Een volwassene ontdekt dat reizen in transport een echte levensschool wordt, waar een stadskind, vooral in onze turbulente tijden, een hele caleidoscoop van gezichten en situaties ontvouwt, waarvan hij sommige vluchtig ziet, terwijl hij andere systematisch lange tijd observeert. tijd — bijvoorbeeld vaste passagiers. Als een volwassene in staat is een welwillende en inspirerende gesprekspartner te worden, kan een volwassene in deze gesprekken, naar het voorbeeld van het bespreken van levenssituaties die belangrijk zijn voor een kind, psychologisch samen met hem veel belangrijke onderwerpen doornemen. Helaas ervaren ouders de levenservaringen van het kind vaak als leeg geklets dat niet de moeite waard is om naar te luisteren, of gewoon als grappige situaties die geen diepe betekenis hebben.

Naarmate het kind ouder wordt, verschijnen tijdens de vroege adolescentie nieuwe gedragstendensen. De derde fase van de ontwikkeling van transport komt eraan, experimenteel en creatief te noemen. In deze fase is een passie voor experimenteren en een onwil om slaaf te zijn van de omstandigheden duidelijk zichtbaar. We kunnen stellen dat het kind al voldoende aangepast is om zich niet meer aan te passen.

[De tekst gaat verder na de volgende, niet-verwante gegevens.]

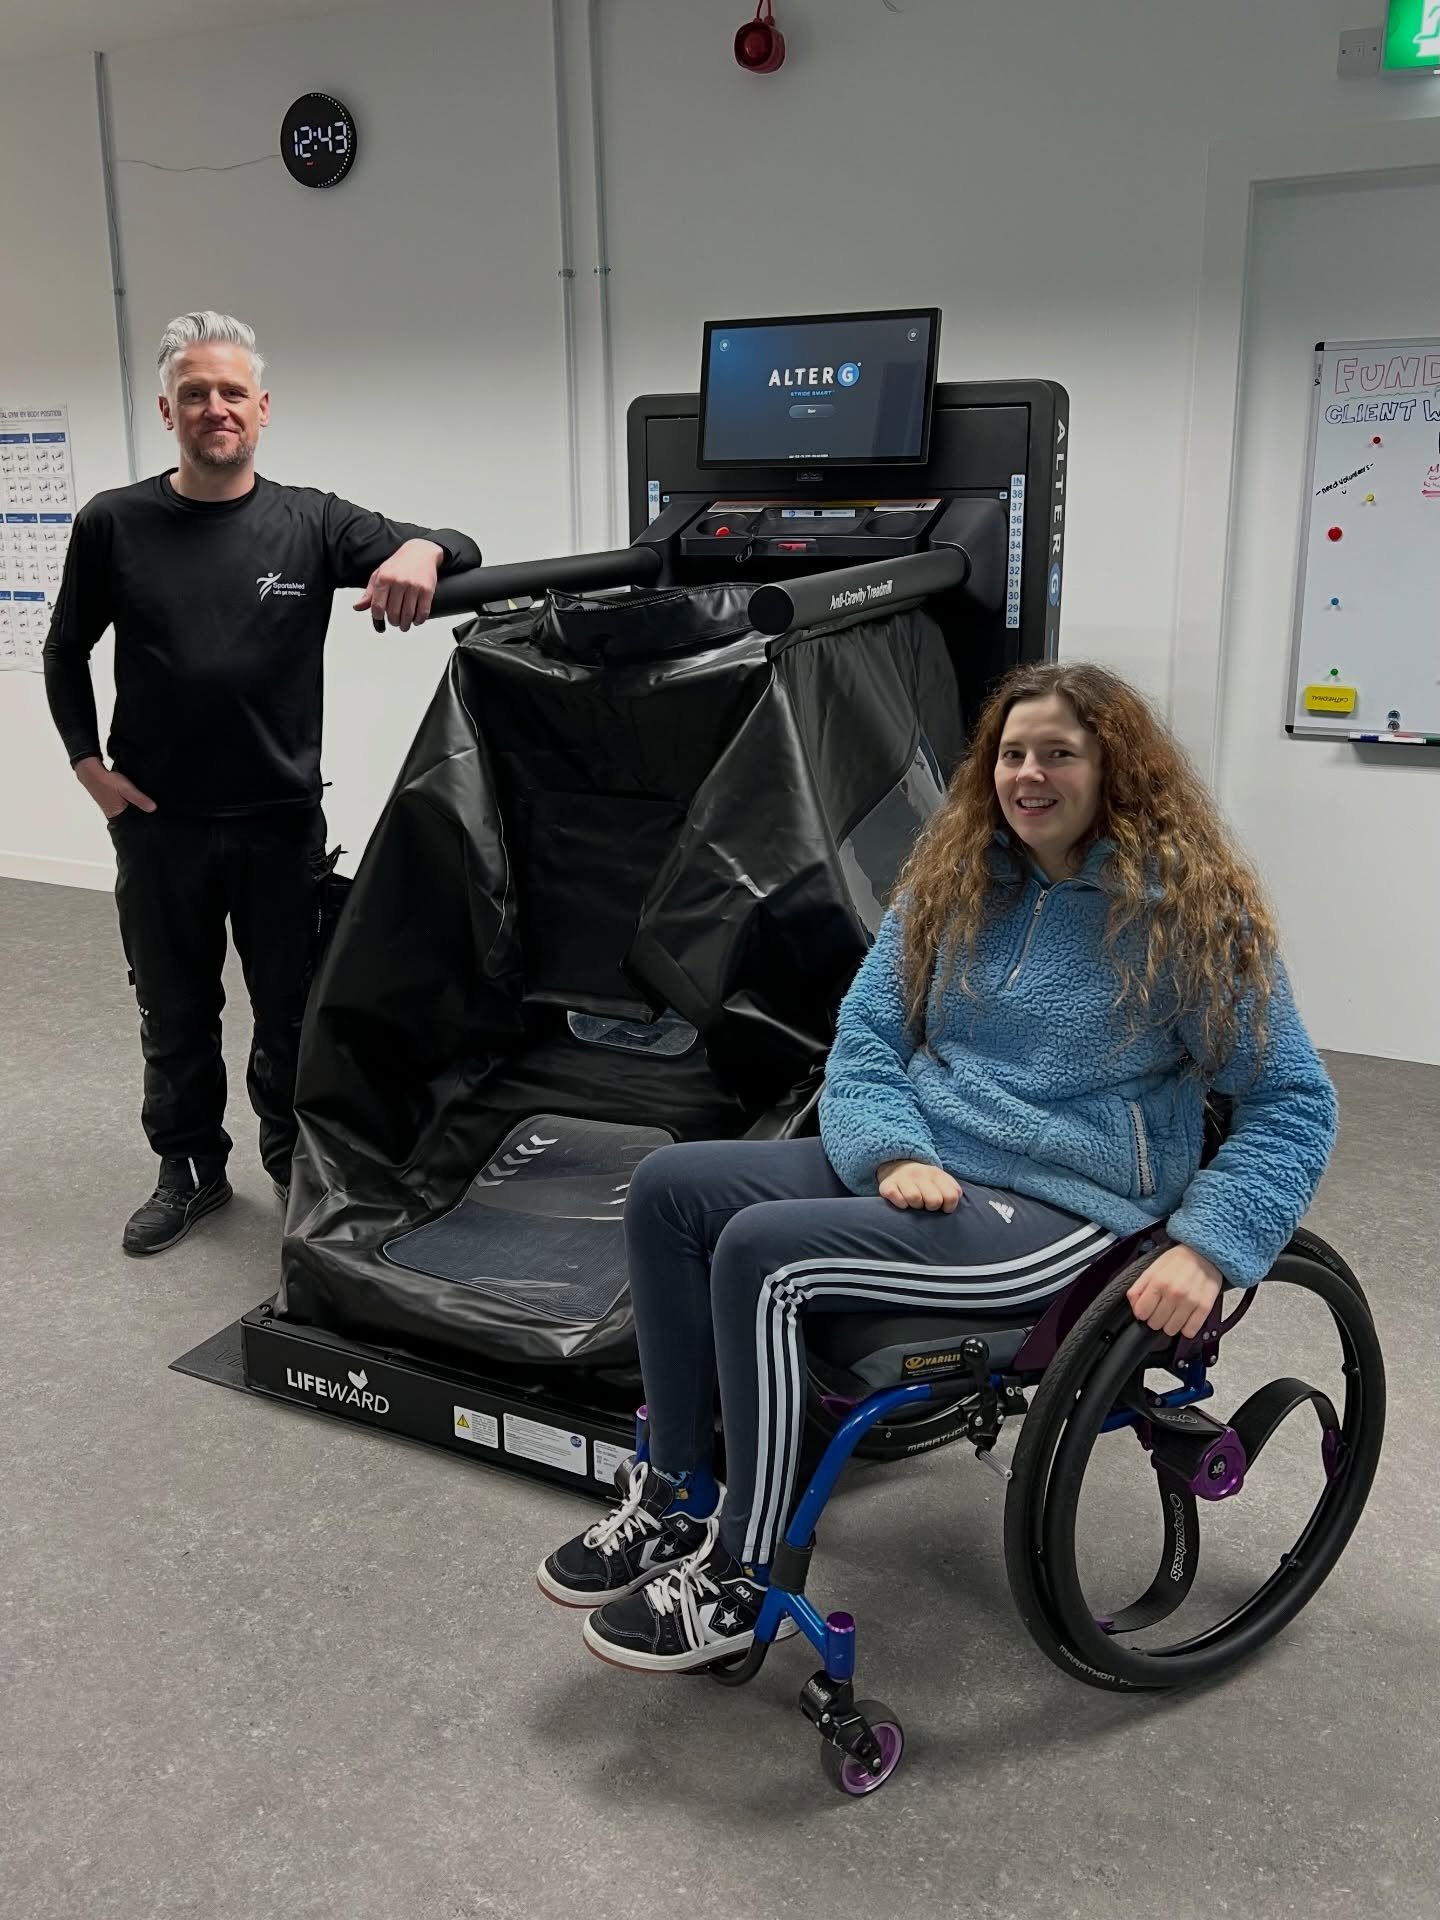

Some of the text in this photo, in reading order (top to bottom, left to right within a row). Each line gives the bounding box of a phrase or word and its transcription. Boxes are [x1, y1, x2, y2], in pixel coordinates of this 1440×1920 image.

[293, 121, 348, 159] 12:43
[1325, 399, 1417, 425] CLIENT
[1013, 476, 1024, 487] IN
[1012, 490, 1024, 499] 38
[1011, 502, 1023, 511] 37
[1011, 515, 1023, 524] 36
[1010, 528, 1022, 537] 35
[1009, 541, 1021, 550] 34
[1009, 553, 1021, 563] 33
[1009, 566, 1020, 575] 32
[1008, 579, 1019, 588] 31
[829, 579, 893, 611] Anti-Gravity Treadmill
[1008, 591, 1019, 600] 30
[1007, 604, 1018, 613] 29
[1007, 616, 1018, 625] 28
[286, 1367, 390, 1414] LIFEWARD
[1059, 1644, 1116, 1683] MARATHON

Dit is een nieuwe fase in zijn relatie met de wereld, die zich in verschillende vormen manifesteert, maar ze hebben allemaal iets gemeen: de wens om een ​​actief persoon te zijn, nieuwsgierig en voorzichtig met de vervoermiddelen die haar ter beschikking staan ​​voor haar eigen doeleinden . Niet waar ze me heen zullen brengen, maar waar ik heen zal gaan.

Deze actieve en creatieve houding kan zich uiten in een echte passie van het kind om verschillende vervoerswijzen te combineren en steeds meer nieuwe wegen te kiezen van punt "A" naar punt "B". Dus alsof om tijd te besparen, reist het kind met twee bussen en een trolleybus waar het gemakkelijk te bereiken is met één vervoermiddel. Maar hij springt van halte naar halte, genietend van de keuze, zijn vermogen om routes te combineren en beslissingen te nemen. De schooljongen hier is als een kind dat acht viltstiften in een doos heeft, en hij wil beslist met elk van hen tekenen om te voelen dat hij in staat is alle gereedschappen te gebruiken die tot zijn beschikking staan.

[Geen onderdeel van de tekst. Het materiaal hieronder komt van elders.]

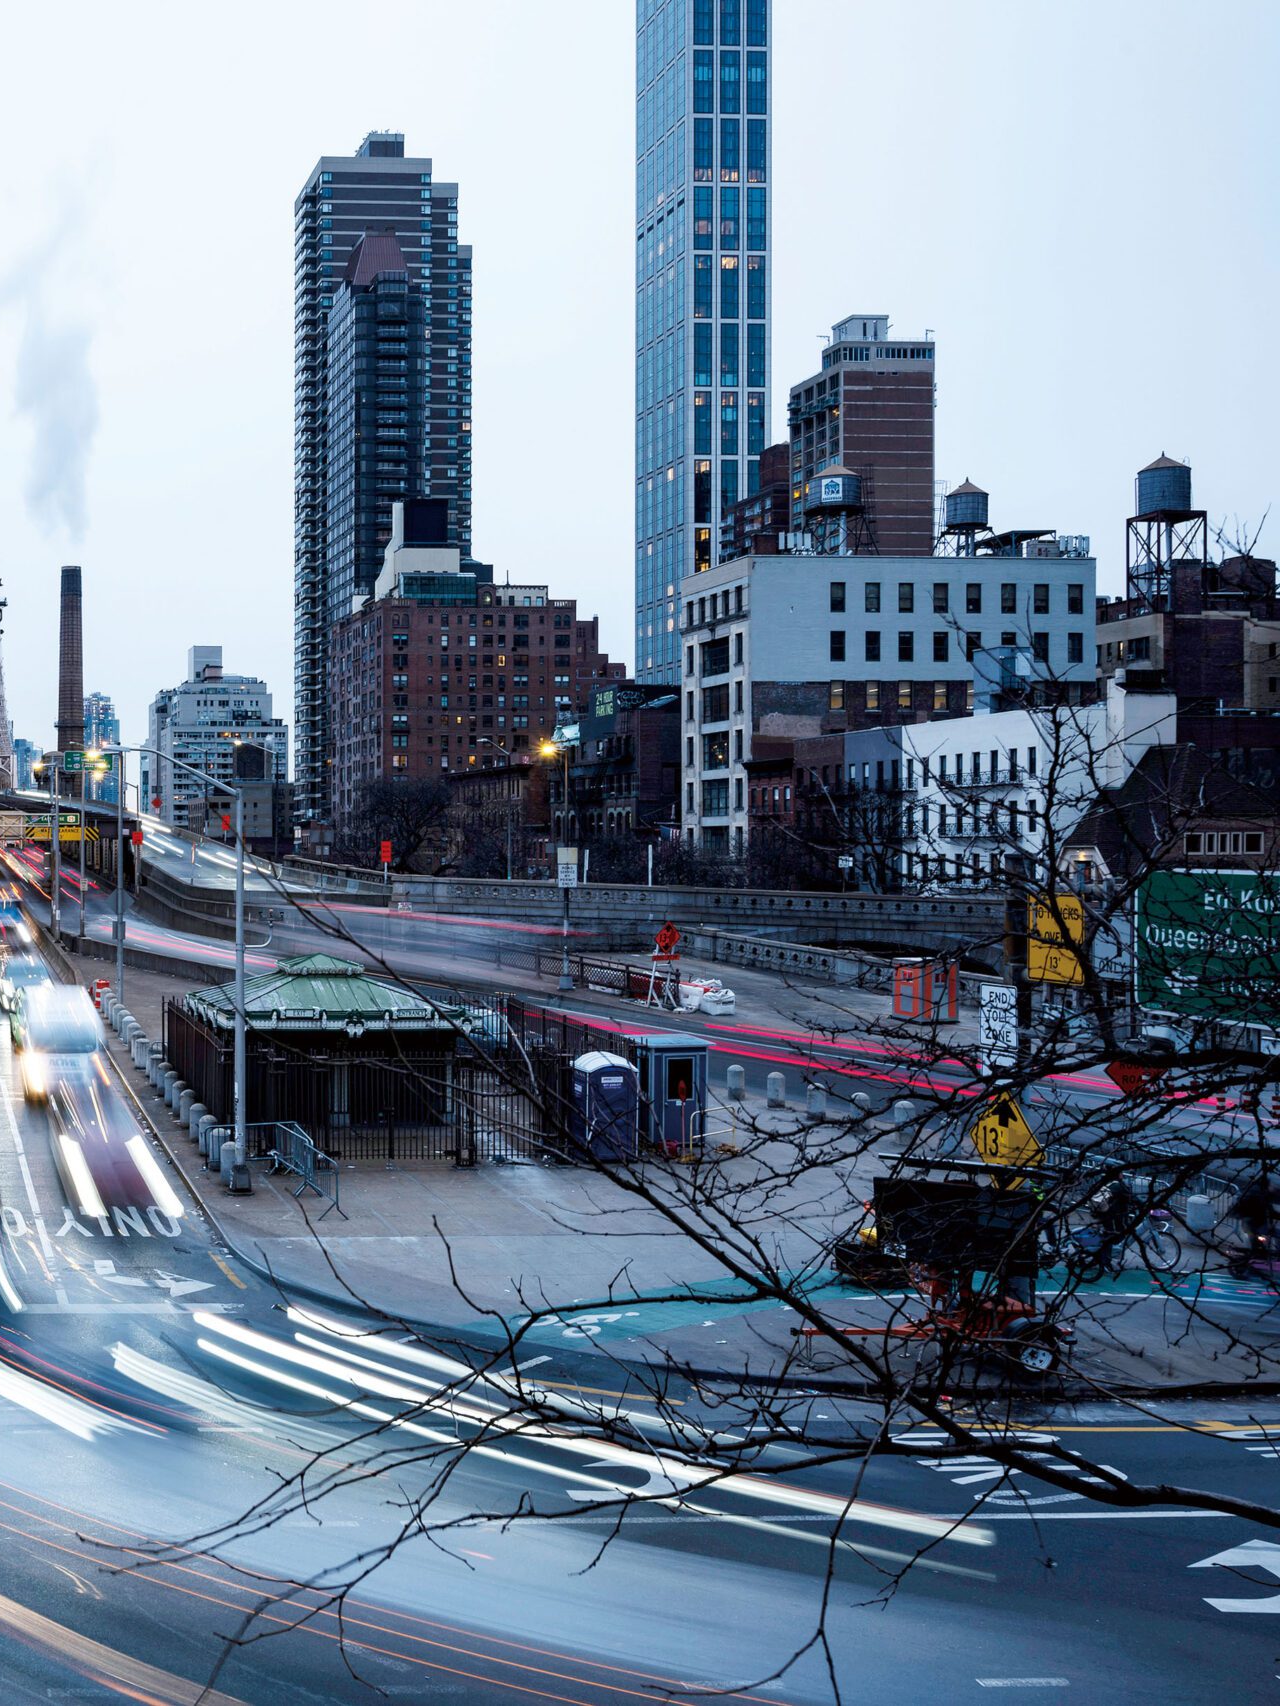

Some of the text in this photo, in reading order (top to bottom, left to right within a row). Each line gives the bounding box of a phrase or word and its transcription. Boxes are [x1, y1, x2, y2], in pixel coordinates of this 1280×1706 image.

[596, 693, 603, 705] 24
[603, 691, 614, 703] HOUR
[595, 702, 614, 718] PARKING
[1099, 960, 1126, 973] ONLY
[989, 991, 1008, 1004] END
[986, 1009, 1007, 1022] TOLL
[985, 1029, 1012, 1043] ZONE
[55, 1205, 182, 1238] ONLY

Of, omdat hij te laat is aangekomen voor een privéles Engels, deelt hij de lerares met vreugde mee dat hij vandaag een nieuwe, al derde vervoersmogelijkheid heeft gevonden om bij haar huis te komen.

In dit stadium van de ontwikkeling van het kind wordt vervoer voor hem niet alleen een vervoermiddel in de stedelijke omgeving, maar ook een hulpmiddel voor zijn kennis. Toen het kind jonger was, was het belangrijk voor hem om het enige echte pad niet te verliezen. Nu denkt hij op een fundamenteel andere manier: niet door afzonderlijke routes, die als gangen van de ene plaats naar de andere worden gelegd, — nu ziet hij een heel ruimtelijk veld voor zich, waarin je onafhankelijk verschillende bewegingstrajecten kunt kiezen.

Het verschijnen van zo'n visie geeft aan dat het kind intellectueel een stap hoger is gestegen - hij heeft mentale "kaarten van het gebied" die inzicht geven in de continuïteit van de ruimte van de omringende wereld. Het is interessant dat het kind deze intellectuele ontdekkingen onmiddellijk tot leven brengt, niet alleen in de nieuwe aard van het gebruik van vervoer, maar ook in een onverwacht opvlammende liefde voor het tekenen van verschillende kaarten en diagrammen.

Het kan een gebruikelijk briefje zijn van een twaalfjarig meisje, dat in de zomer in de datsja voor haar moeder is achtergelaten, met vermelding van welke van haar vrienden ze is gaan bezoeken, en met een plattegrond van het gebied, waarop pijlen het pad aangeven naar het huis van deze vriend.

Het kan een kaart zijn van een ander sprookjesland, waar een kind zich periodiek beweegt in zijn fantasieën, of een «Kaart van Piraten» met een zorgvuldige aanduiding van begraven schatten, verbonden met het echte gebied.

Of misschien een tekening van hun eigen kamer, onverwacht voor ouders, met de afbeelding van de objecten erin in de “bovenaanzicht” projectie.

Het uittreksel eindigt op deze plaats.